Voxel-wise mapping of DCE-MRI time-intensity-curve profiles enables visualizing and quantifying hemodynamic heterogeneity in breast lesions.

Abstract

To propose a novel model-free data-driven approach based on the voxel-wise mapping of DCE-MRI time-intensity-curve (TIC) profiles for quantifying and visualizing hemodynamic heterogeneity and to validate its potential clinical applications. From December 2018 to July 2022, 259 patients with 325 pathologically confirmed breast lesions who underwent breast DCE-MRI were retrospectively enrolled. Based on the manually segmented breast lesions, the TIC of each voxel within the 3D whole lesion was classified into 19 subtypes based on wash-in rate (nonenhanced, slow, medium, and fast), wash-out enhancement (persistent, plateau, and decline), and wash-out stability (steady and unsteady), and the composition ratio of these 19 subtypes for each lesion was calculated as a new feature set (type-19). The three-type TIC classification, semiquantitative parameters, and type-19 features were used to build machine learning models for identifying lesion malignancy and classifying histologic grades, proliferation status, and molecular subtypes. The type-19 feature-based model significantly outperformed models based on the three-type TIC method and semiquantitative parameters both in distinguishing lesion malignancy (respectively; AUC = 0.875 vs. 0.831, p = 0.01 and 0.875vs. 0.804, p = 0.03), predicting tumor proliferation status (AUC = 0.890 vs. 0.548, p = 0.006 and 0.890 vs. 0.596, p = 0.020), but not in predicting histologic grades (p = 0.820 and 0.970). In addition to conventional methods, the proposed computational approach provides a novel, model-free, data-driven approach to quantify and visualize hemodynamic heterogeneity.
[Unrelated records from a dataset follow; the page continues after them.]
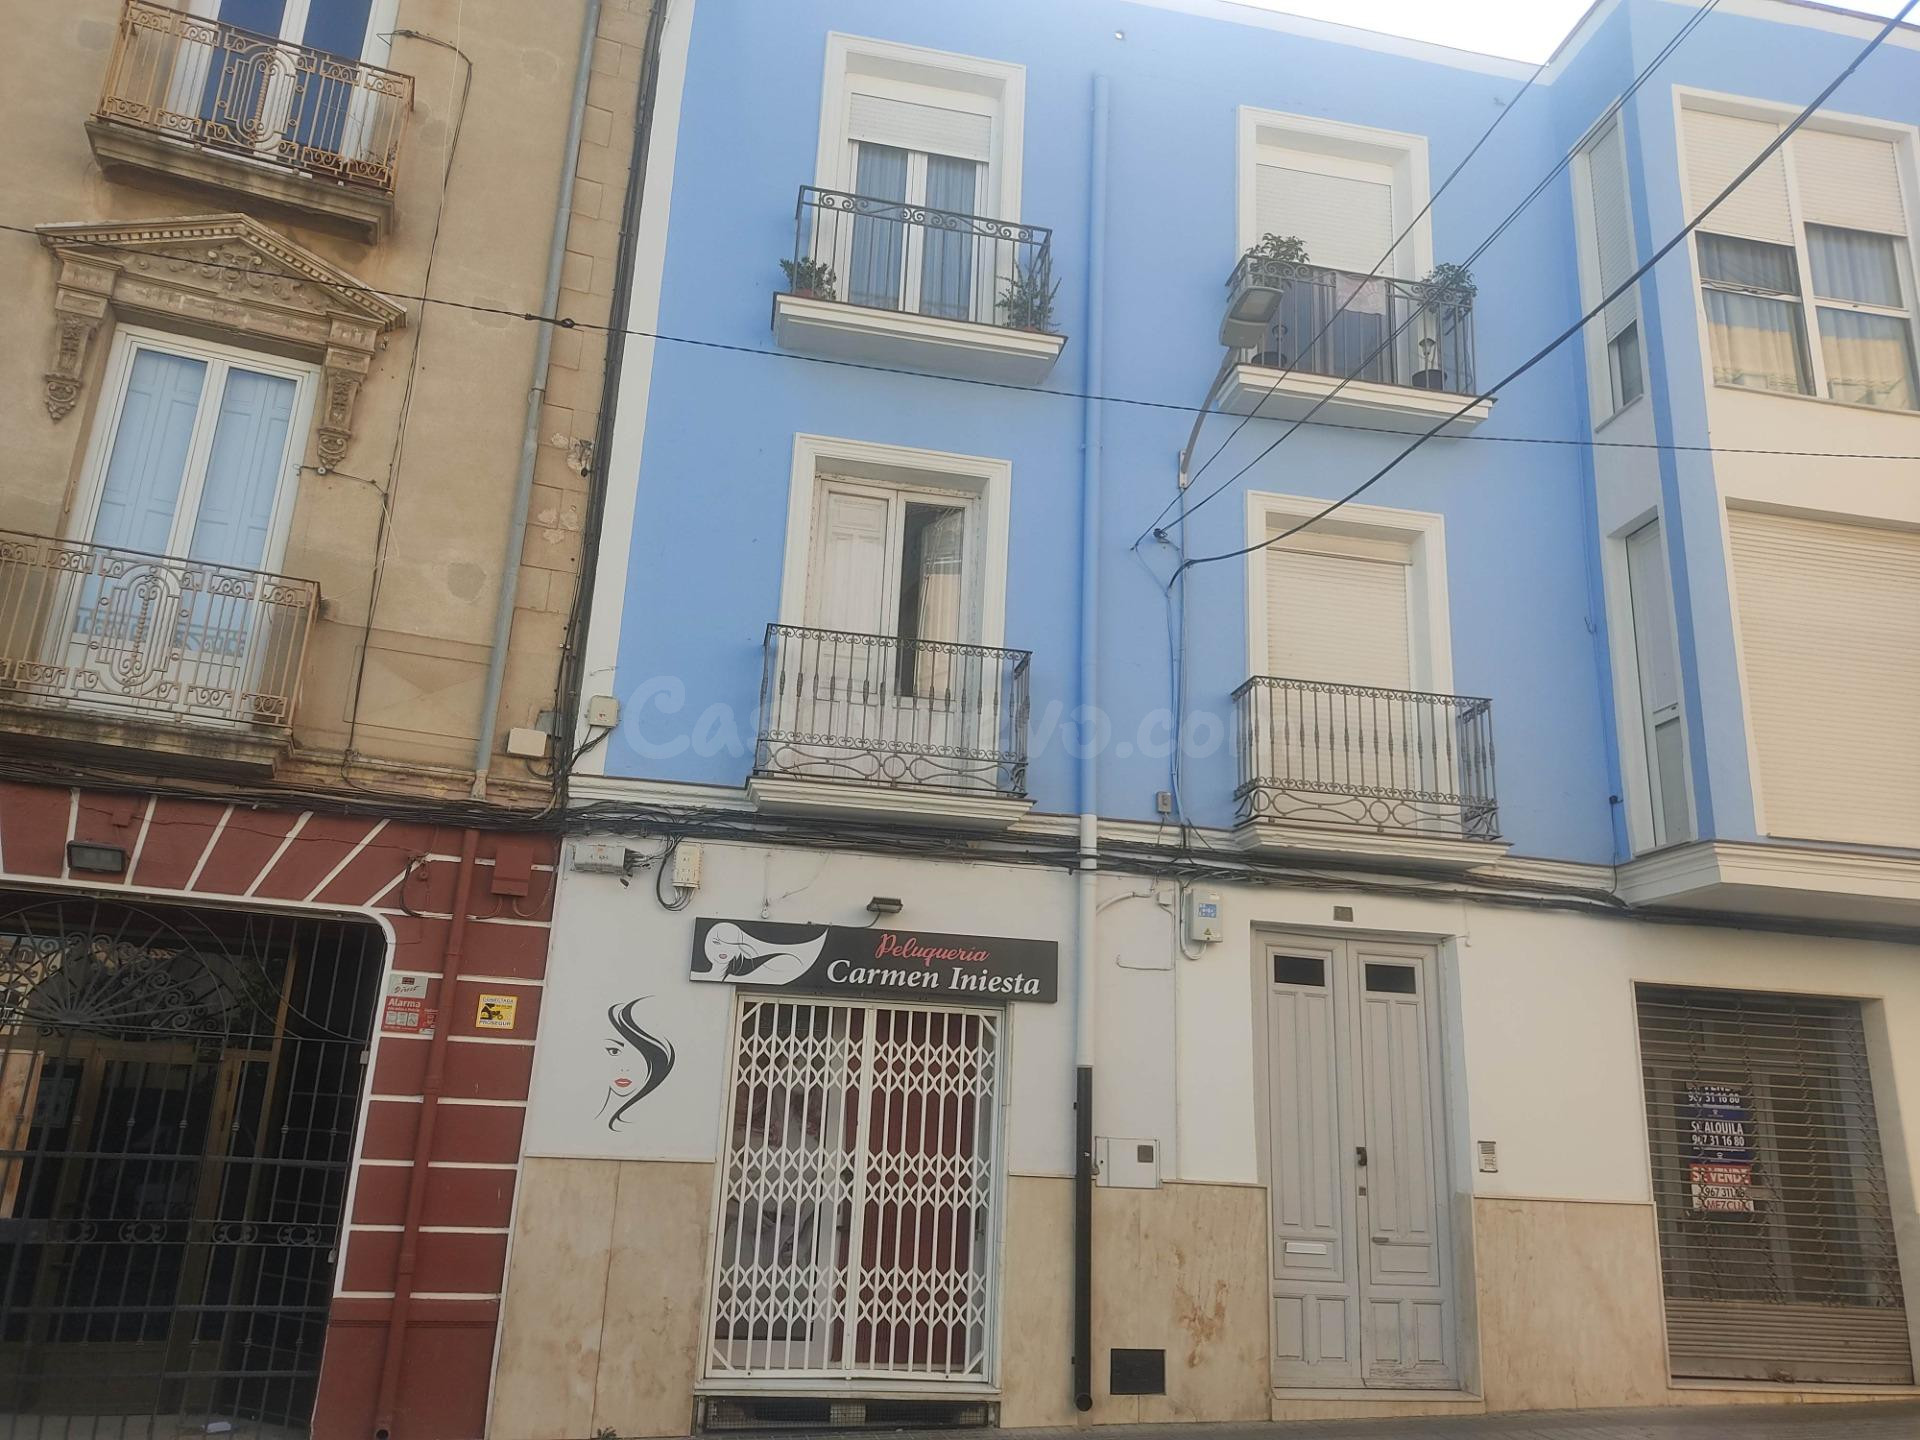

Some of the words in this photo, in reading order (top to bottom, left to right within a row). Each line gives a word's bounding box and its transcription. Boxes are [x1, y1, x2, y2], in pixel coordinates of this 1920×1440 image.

[826, 959, 940, 989] Carmen
[948, 966, 1041, 995] Iniesta
[388, 997, 421, 1008] Alarma
[1710, 1135, 1719, 1146] 31
[1722, 1136, 1732, 1146] 16
[1734, 1136, 1745, 1147] 80
[1705, 1187, 1720, 1197] 967
Voxel-wise intra-lesion mapping of TIC profiles allows for visualization of hemodynamic heterogeneity and its composition ratio for differentiation of malignant and benign breast lesions. • Voxel-wise TIC profiles were mapped, and their composition ratio was compared between various breast lesions. • The model based on the composition ratio of voxel-wise TIC profiles significantly outperformed the three-type TIC classification model and the semiquantitative parameters model in lesion malignancy differentiation and tumor proliferation status prediction in breast lesions. • This novel, data-driven approach allows the intuitive visualization and quantification of the hemodynamic heterogeneity of breast lesions.